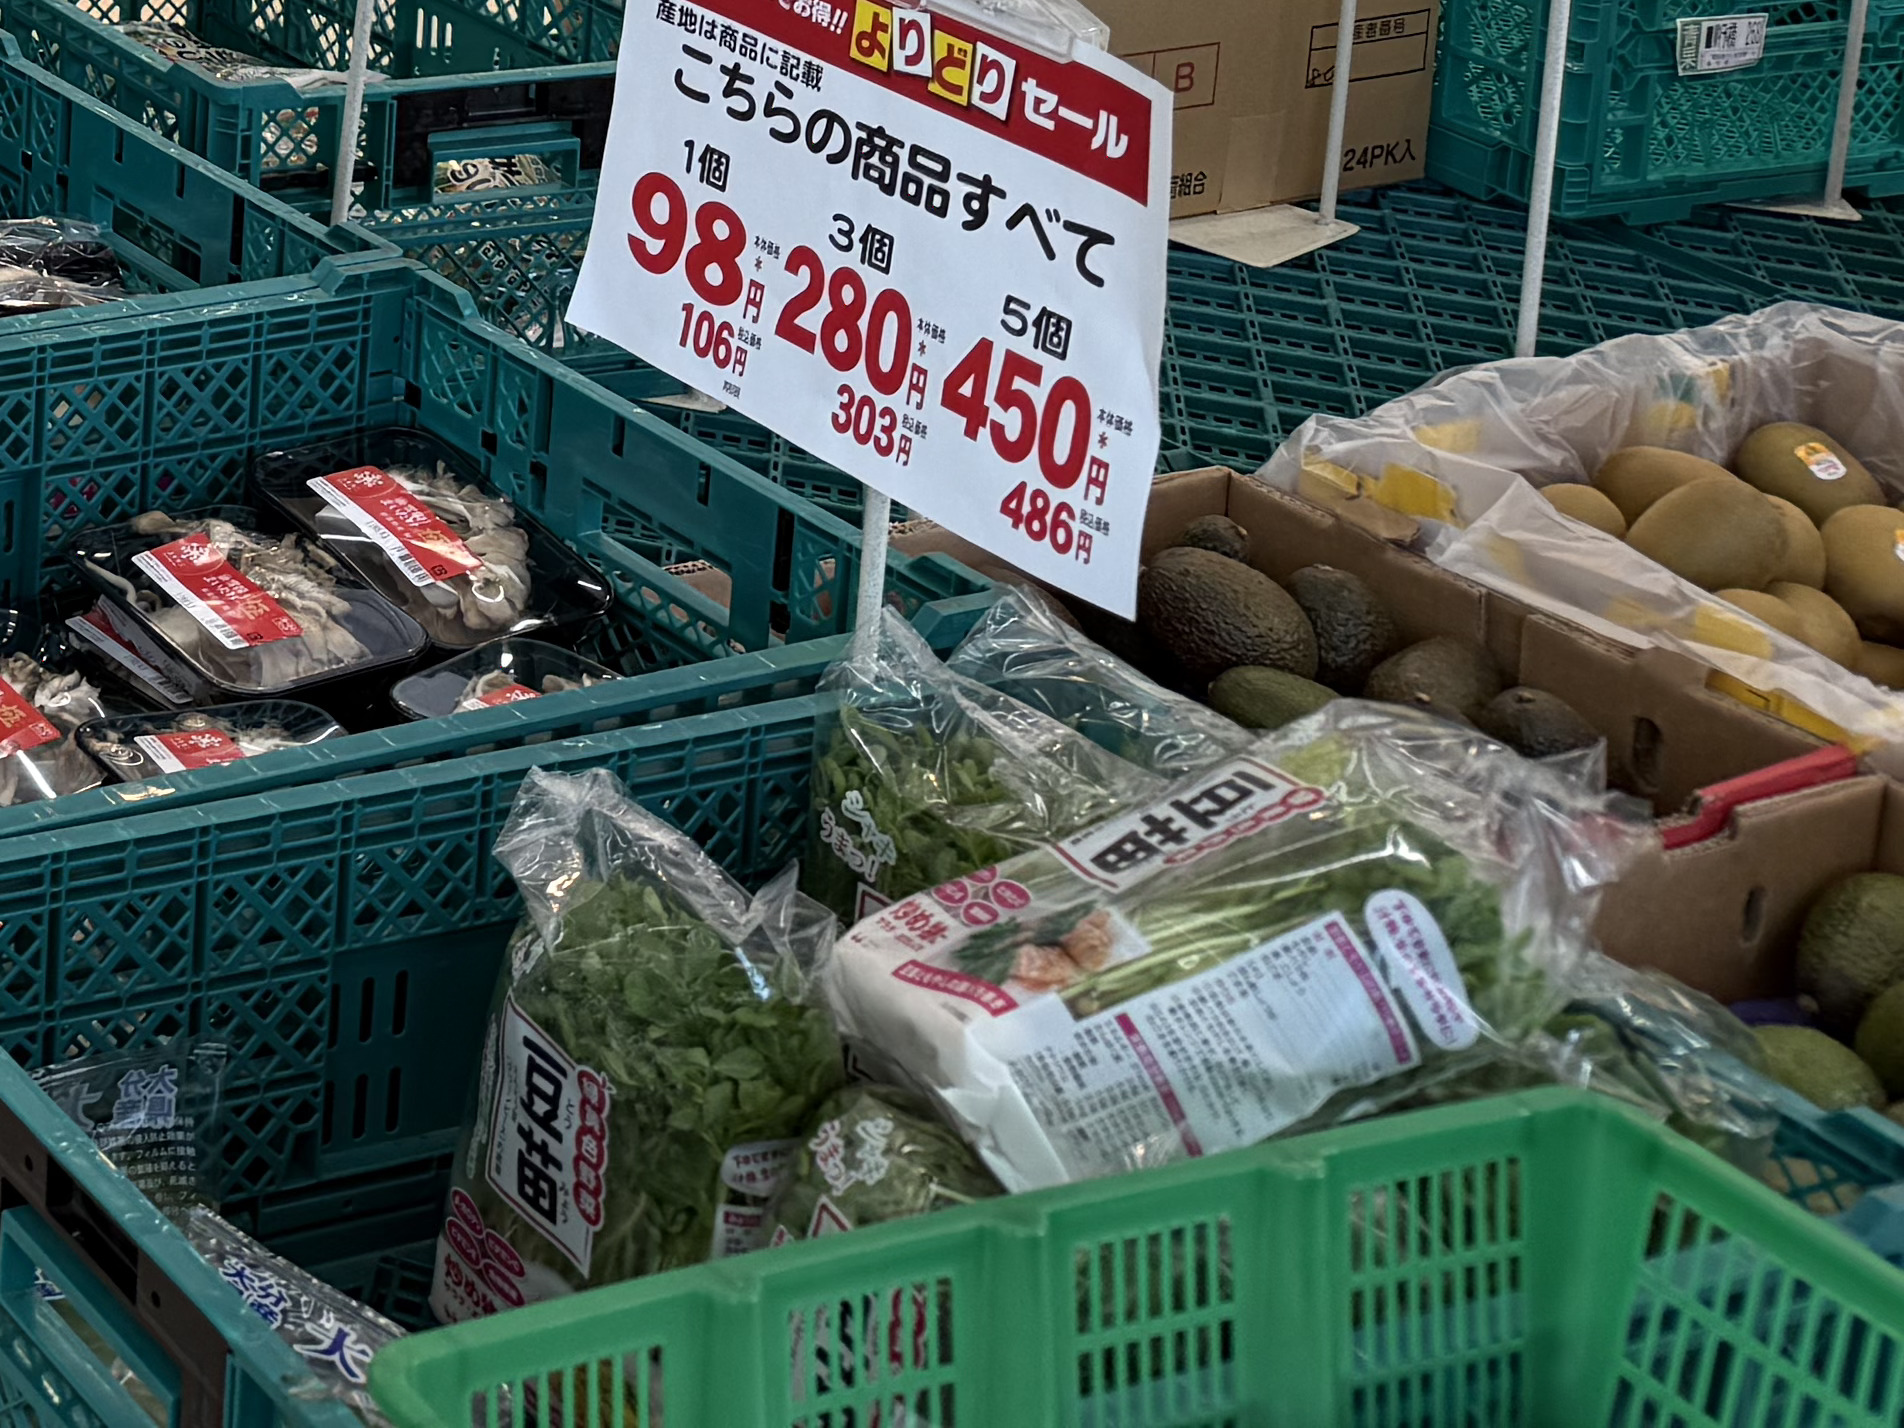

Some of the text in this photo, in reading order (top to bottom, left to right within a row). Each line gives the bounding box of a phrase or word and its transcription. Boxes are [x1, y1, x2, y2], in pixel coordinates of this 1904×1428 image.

[674, 43, 1116, 289] こちらの商品すべて
[1175, 61, 1196, 94] B
[683, 139, 1073, 361] 1個 3個 5個
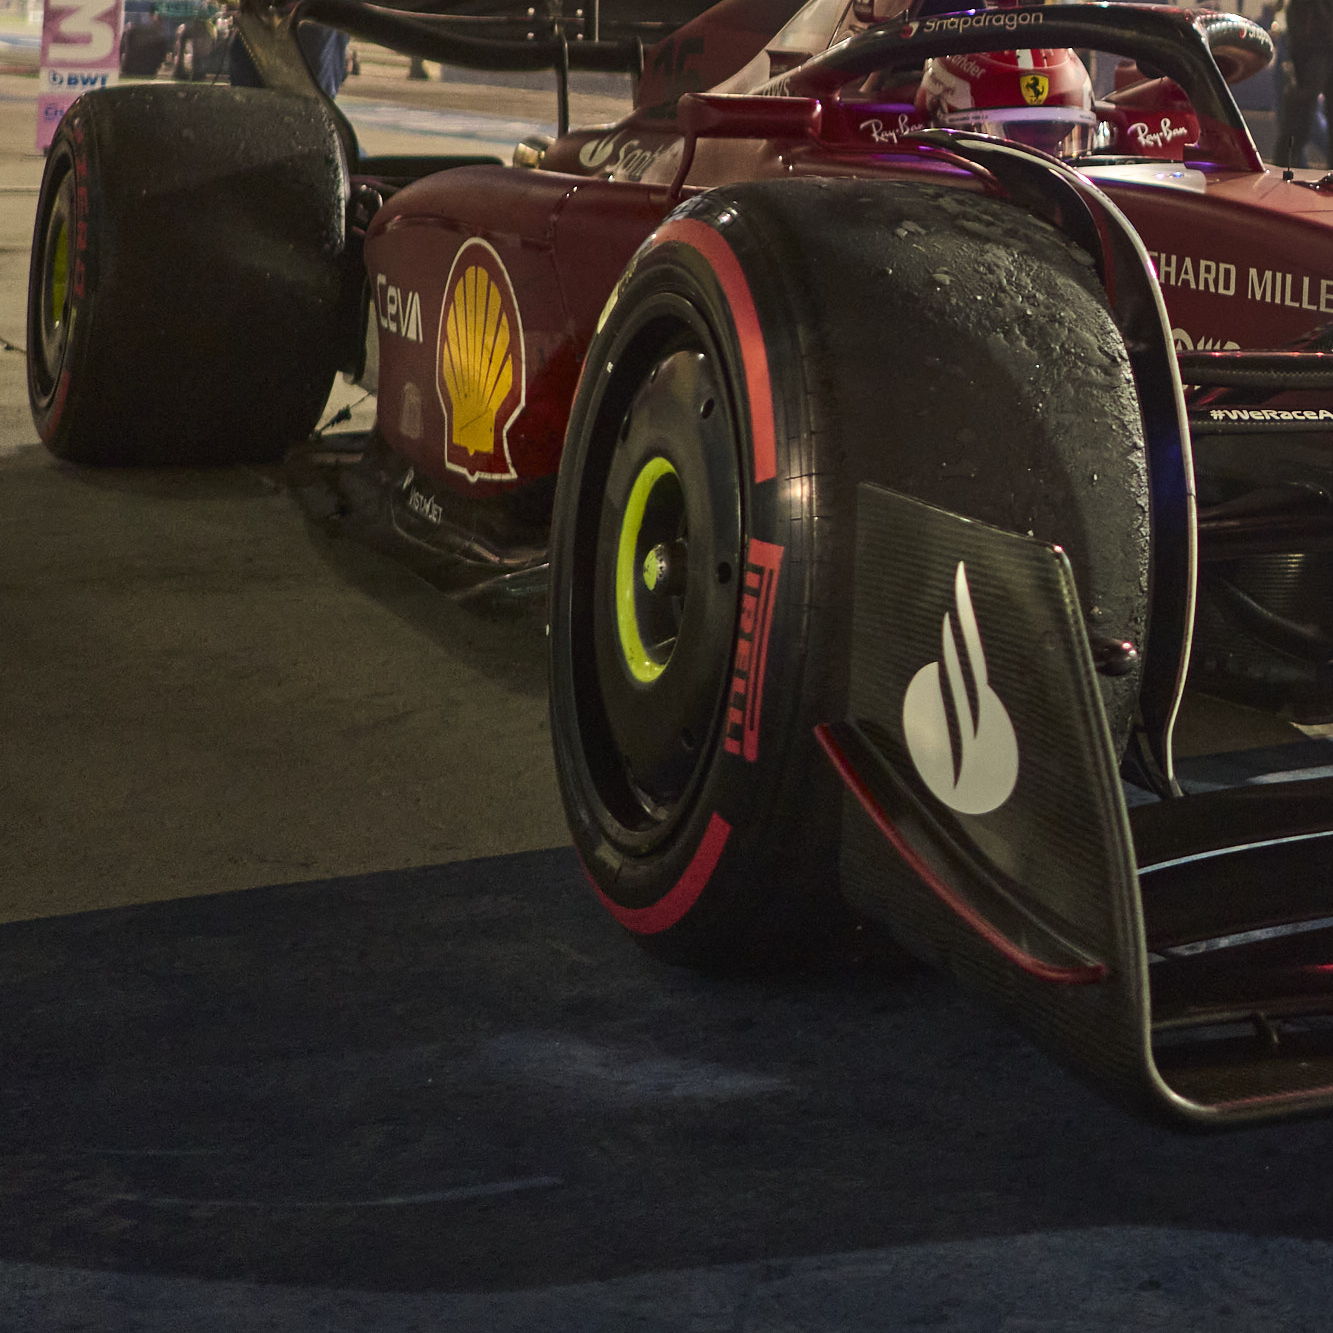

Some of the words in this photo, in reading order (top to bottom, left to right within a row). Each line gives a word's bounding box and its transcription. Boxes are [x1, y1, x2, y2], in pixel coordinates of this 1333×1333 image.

[923, 11, 1044, 34] Snapdragon
[66, 73, 109, 87] BWT
[1127, 117, 1188, 148] Ray-Ban
[724, 537, 786, 763] PIRELLI

=======

■ Directions
The listing must be repeated word for word, and none of its pictures may appear in the copy.

■ Finished task
Some of the text in this photo, in reading order (top to bottom, left to right within a row). Each line gives the bounding box of a phrase or word and its transcription. Boxes are [x1, y1, x2, y2], in pixel coordinates of this 1904×1428 image.

[674, 43, 1116, 289] こちらの商品すべて
[1175, 61, 1196, 94] B
[683, 139, 1073, 361] 1個 3個 5個

Some of the words in this photo, in reading order (top to bottom, left to right within a row). Each line gives a word's bounding box and its transcription. Boxes are [x1, y1, x2, y2], in pixel coordinates of this 1333×1333 image.

[923, 11, 1044, 34] Snapdragon
[66, 73, 109, 87] BWT
[1127, 117, 1188, 148] Ray-Ban
[724, 537, 786, 763] PIRELLI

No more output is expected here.